[Task statement]: For this exercise, repeat the records below exactly and omit every picture.

[Records from a dataset]
________________________

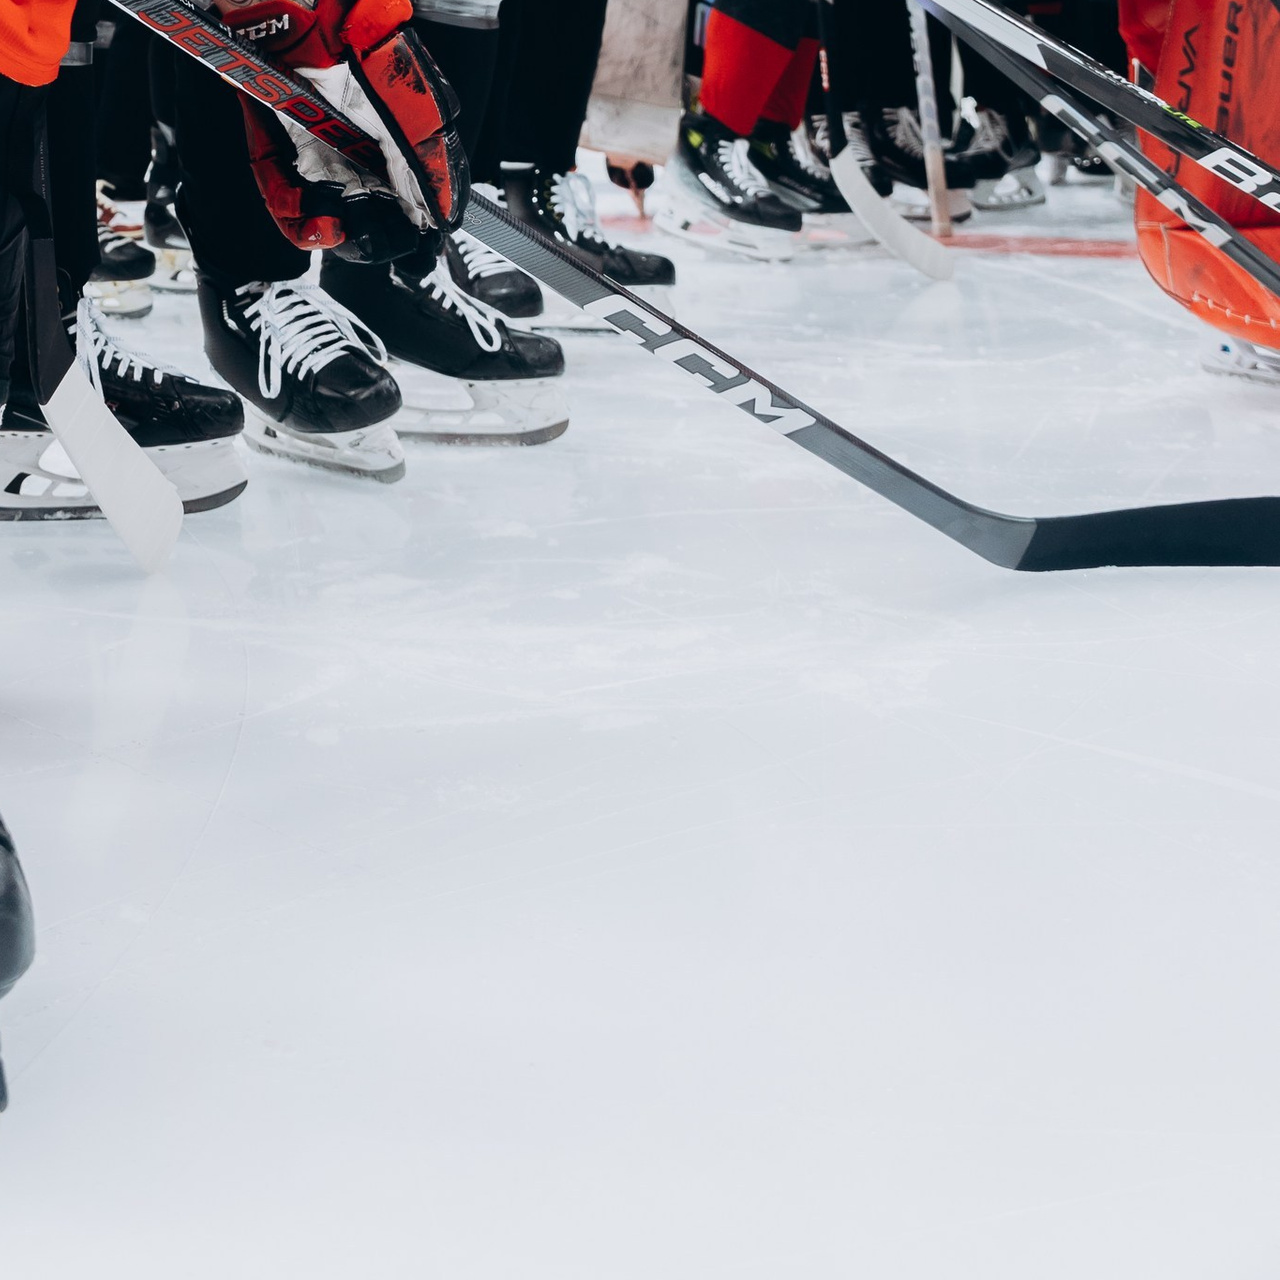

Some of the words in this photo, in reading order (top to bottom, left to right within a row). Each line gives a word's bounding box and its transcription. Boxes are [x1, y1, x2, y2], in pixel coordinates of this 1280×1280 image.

[139, 7, 383, 168] JETSPEE
[1214, 1, 1244, 138] AUER
[1040, 95, 1233, 247] CCM
[583, 293, 818, 437] CCM

________________________

[Result of this task]:
Some of the words in this photo, in reading order (top to bottom, left to right within a row). Each line gives a word's bounding box and its transcription. Boxes are [x1, y1, x2, y2], in pixel coordinates of this 1280×1280 image.

[139, 7, 383, 168] JETSPEE
[1214, 1, 1244, 138] AUER
[1040, 95, 1233, 247] CCM
[583, 293, 818, 437] CCM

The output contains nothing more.